The trick lives in the driver. DCA built an all-new planar magnetic transducer engineered for higher efficiency, then paired it with revised tuning to chase that sense of air and space. On paper, the efficiency story checks out: the AEON CORE carries a 17-ohm impedance and roughly 97 dB/mW sensitivity, an easy-to-drive combination that doesn’t demand a desktop monster to wake up.
In fact, DCA says amplifiers delivering at least 125 mW into 16 ohms are enough to get these singing — which puts plenty of dongles, portable amps and modest desktop units squarely in play. That’s a refreshing change from the planar reputation for needing serious current before they come alive.

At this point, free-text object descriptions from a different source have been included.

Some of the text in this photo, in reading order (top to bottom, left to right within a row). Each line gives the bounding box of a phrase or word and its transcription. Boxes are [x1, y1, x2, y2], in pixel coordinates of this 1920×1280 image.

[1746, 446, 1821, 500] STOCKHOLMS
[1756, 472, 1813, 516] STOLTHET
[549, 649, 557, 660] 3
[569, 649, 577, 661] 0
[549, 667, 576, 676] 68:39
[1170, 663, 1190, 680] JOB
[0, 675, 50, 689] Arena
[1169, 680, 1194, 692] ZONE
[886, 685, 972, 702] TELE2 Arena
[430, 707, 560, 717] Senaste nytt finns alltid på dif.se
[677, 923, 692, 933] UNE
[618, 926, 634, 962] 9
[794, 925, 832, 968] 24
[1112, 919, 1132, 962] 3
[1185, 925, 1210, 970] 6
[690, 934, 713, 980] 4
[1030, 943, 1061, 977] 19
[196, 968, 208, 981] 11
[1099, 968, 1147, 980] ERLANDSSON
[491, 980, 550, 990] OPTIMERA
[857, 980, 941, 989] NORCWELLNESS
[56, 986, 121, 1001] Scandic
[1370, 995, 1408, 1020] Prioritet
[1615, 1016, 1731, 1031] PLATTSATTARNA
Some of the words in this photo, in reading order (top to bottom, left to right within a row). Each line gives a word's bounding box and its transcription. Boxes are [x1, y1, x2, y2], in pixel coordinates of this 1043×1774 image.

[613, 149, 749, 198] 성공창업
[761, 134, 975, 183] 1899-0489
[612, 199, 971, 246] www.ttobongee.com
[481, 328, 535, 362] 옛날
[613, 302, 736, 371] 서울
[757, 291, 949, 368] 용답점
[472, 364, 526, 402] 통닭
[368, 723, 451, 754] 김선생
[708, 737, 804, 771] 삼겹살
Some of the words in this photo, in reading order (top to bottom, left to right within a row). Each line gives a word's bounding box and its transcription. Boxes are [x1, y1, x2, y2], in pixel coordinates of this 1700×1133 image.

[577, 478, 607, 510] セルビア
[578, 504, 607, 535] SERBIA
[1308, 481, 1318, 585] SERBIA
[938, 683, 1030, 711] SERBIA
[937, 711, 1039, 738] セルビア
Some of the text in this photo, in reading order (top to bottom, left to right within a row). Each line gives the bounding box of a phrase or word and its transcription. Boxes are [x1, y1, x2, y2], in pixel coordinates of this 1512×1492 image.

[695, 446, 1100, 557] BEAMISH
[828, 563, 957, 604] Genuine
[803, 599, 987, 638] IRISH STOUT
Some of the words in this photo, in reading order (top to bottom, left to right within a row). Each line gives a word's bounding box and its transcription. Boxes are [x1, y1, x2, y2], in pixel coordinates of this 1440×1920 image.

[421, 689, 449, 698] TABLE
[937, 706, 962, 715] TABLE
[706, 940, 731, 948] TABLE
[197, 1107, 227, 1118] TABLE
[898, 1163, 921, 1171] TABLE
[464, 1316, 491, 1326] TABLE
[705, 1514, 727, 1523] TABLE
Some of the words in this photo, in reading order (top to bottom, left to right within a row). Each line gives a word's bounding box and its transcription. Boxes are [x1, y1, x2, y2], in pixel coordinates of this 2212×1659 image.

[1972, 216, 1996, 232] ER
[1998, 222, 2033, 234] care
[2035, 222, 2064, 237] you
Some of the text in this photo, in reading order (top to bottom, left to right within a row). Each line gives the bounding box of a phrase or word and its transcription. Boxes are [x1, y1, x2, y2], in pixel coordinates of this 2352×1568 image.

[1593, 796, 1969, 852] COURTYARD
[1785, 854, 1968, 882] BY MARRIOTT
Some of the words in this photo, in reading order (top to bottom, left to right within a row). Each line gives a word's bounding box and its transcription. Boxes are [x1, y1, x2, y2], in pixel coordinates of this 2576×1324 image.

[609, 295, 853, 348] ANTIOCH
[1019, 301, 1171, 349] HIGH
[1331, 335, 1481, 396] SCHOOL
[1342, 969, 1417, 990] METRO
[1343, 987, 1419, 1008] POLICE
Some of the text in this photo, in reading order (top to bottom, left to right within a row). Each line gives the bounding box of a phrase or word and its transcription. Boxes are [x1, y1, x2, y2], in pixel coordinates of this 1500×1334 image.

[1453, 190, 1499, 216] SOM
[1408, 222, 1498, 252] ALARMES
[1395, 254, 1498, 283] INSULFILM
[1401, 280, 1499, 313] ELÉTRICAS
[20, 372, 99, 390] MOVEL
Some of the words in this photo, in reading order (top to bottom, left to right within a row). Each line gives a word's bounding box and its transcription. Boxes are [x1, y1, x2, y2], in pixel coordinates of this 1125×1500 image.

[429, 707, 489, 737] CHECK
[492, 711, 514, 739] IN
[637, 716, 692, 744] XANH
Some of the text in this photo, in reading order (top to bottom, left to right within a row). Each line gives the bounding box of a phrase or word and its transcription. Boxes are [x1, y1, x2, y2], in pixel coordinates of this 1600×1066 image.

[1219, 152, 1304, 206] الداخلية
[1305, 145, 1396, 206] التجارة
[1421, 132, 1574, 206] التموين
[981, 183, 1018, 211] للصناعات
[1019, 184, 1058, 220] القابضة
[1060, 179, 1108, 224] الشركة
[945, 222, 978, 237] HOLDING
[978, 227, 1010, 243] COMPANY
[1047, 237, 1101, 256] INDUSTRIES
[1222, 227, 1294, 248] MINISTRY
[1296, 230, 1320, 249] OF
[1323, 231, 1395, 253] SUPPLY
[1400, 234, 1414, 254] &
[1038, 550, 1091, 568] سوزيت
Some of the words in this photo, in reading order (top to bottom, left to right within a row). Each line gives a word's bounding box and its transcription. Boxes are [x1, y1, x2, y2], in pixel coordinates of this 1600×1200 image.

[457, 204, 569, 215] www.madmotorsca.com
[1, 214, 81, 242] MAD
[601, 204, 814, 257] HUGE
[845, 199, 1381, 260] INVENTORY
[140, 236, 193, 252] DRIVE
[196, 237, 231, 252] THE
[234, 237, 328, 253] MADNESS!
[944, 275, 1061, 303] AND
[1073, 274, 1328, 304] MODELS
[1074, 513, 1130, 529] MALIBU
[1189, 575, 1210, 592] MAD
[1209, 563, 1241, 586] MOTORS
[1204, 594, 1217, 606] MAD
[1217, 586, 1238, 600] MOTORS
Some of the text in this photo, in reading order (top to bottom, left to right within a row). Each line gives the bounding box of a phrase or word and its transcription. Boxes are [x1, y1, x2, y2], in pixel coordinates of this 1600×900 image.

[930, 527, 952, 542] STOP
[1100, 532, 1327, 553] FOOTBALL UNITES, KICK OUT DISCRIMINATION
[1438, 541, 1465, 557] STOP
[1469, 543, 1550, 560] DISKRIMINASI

Distortion is rated at less than 0.1% referenced to 80 dB white noise, a figure that suggests the new driver stays composed when you push it. And at 328 grams, the AEON CORE keeps things light for a planar, which matters when you’re settling in for a long listening session rather than a quick demo.
- Type: Closed-back planar magnetic
- Impedance: 17 ohms
- Sensitivity: ~97 dB/mW
- Distortion: <0.1% (ref. 80 dB white noise)
- Weight: 328 grams
- Drive requirement: 125 mW into 16 ohms minimum
The pitch here is about flexibility as much as fidelity. A closed-back design means isolation for noisy rooms, shared spaces or anywhere you’d rather not bleed sound. Pair that with a sensitivity and power profile that plays nicely with small amps, and you get a headphone that fits a desk, a couch or a backpack without much fuss.
The AEON CORE began shipping on June 14 and is available now at US $899.99. That places it in genuinely competitive territory for a planar magnetic flagship — especially one promising the kind of soundstage that usually comes with an open back and all the leakage that entails. If DCA’s engineering delivers on the spacious claim without sacrificing the isolation that makes closed-backs worthwhile, the AEON CORE could be one of the more interesting headphones of the year.